Seine Aufmerksamkeit kehrte zur Gestalt am Altar zurück, die, immer noch reglos verharrend, ihre Augen zwischen ihm und dem Jungen hin und her wandern ließ.
Einmal durchgeatmet, dann schob Testaceus den Jungen, der sich immer noch ängstlich an ihn drückte, auf die Gestalt zu, die schweigend jede ihrer Bewegungen beobachtete. "Ich bin hier, um Hilfe durch Eure Gabe zu erbitten", durchbrach er die eisige Stille.
Es war jedes Mal die gleiche Prozedur. Jedes Mal begann er mit genau diesen Worten, und jedes Mal musterte ihn der Augur, nachdem er sein Anliegen vorgebracht hatte, mit berechnendem Blick. Es war Teil des Ritus, der die Weissagung eines Auguren gewandete wie die Amtstracht einen Senator. Und deshalb war es nicht nur ungebührlich, sondern auch gefährlich, die einleitende Bitte zu unterlassen und die darauffolgende Stille zu unterbrechen. Auguren waren anerkannte Leute. Freilich nicht so anerkannt wie ein Senator, doch sie besaßen etwas, das kein gewöhnlicher Mensch besaß - die Macht des sechsten Sinns in ihrer höchsten Ausprägung. Wenn man sich diese Macht zunutze machen wollte, musste man ihr mit Ehrfurcht und dem gebührenden Respekt begegnen. Auguren arbeiteten gewöhnlich nicht für den Staat oder irgendeinen Senator, abgesehen von jenen fünf, die Testaceus in dem Nebengebäude seines Anwesens beherbergte. Und doch, die meisten der Senatoren hielten die Befragung eines Auguren für notwendig, um ihr Schicksal zu kennen und zu ihren Gunsten zu beeinflussen. Es gab nicht einen von ihnen, der in kritischen Zeiten nicht zu derartigen Mitteln gegriffen hätte. Allerdings gingen die Methoden seiner fünf Auguren über das übliche Maß hinaus. Eine Tatsache, über die Testaceus nicht gerne nachdachte.

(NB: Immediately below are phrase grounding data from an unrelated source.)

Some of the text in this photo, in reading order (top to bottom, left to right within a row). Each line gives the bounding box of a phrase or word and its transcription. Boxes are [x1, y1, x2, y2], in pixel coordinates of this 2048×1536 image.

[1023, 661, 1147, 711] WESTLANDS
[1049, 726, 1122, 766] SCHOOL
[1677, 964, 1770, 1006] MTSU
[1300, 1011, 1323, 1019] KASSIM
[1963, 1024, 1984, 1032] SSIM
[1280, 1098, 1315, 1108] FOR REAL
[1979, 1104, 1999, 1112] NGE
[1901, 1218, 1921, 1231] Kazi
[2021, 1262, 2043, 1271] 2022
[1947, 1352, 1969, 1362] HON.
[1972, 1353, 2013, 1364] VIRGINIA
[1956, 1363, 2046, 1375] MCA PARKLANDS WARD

Das bleiche Gesicht des Jungen hatte sich ihm erneut zugewandt. Trotz der offensichtlichen Scheu hielt er tapfer still und machte keine Anstalten davonzulaufen. Testaceus selbst hatte dafür gesorgt, dass er ihm blind vertraute und bis zum Ende durchhielt.
"Zwei Fragen, wenn Ihr gewillt seid, Lestrang", eröffnete er mit ehrfürchtig gedämpfter Stimme das Ritual und spähte zum Altar.
"Zwei Antworten, wenn die Dinge günstig stehen", antwortete der Augur gleichmütig und schritt an Testaceus vorbei zur Tür, woraufhin vier ausgemergelte Gestalten in den gleichen Roben aus hauchdünnem, schwarzem Stoff eintraten.
"Ich nehme an, es geht um die Schlacht gegen den Sklavenführer." Lestrangs Stimme klang, als ob man trockenes Laub zwischen den Fingern zerbröselte.
"Ganz recht."
Testaceus schob den Jungen, der bei den Worten des Auguren unwillkürlich zwei Schritte zurückgewichen war und nun förmlich mit seinen Beinen verschmolz, ein Stück von seinem Körper weg. Der Augur reagierte auf die Angst eines Menschen wie ein Wolf bei dem Geruch von Blut, und Testaceus hatte nicht das geringste Bedürfnis, Lestrang zusätzlich zu animieren.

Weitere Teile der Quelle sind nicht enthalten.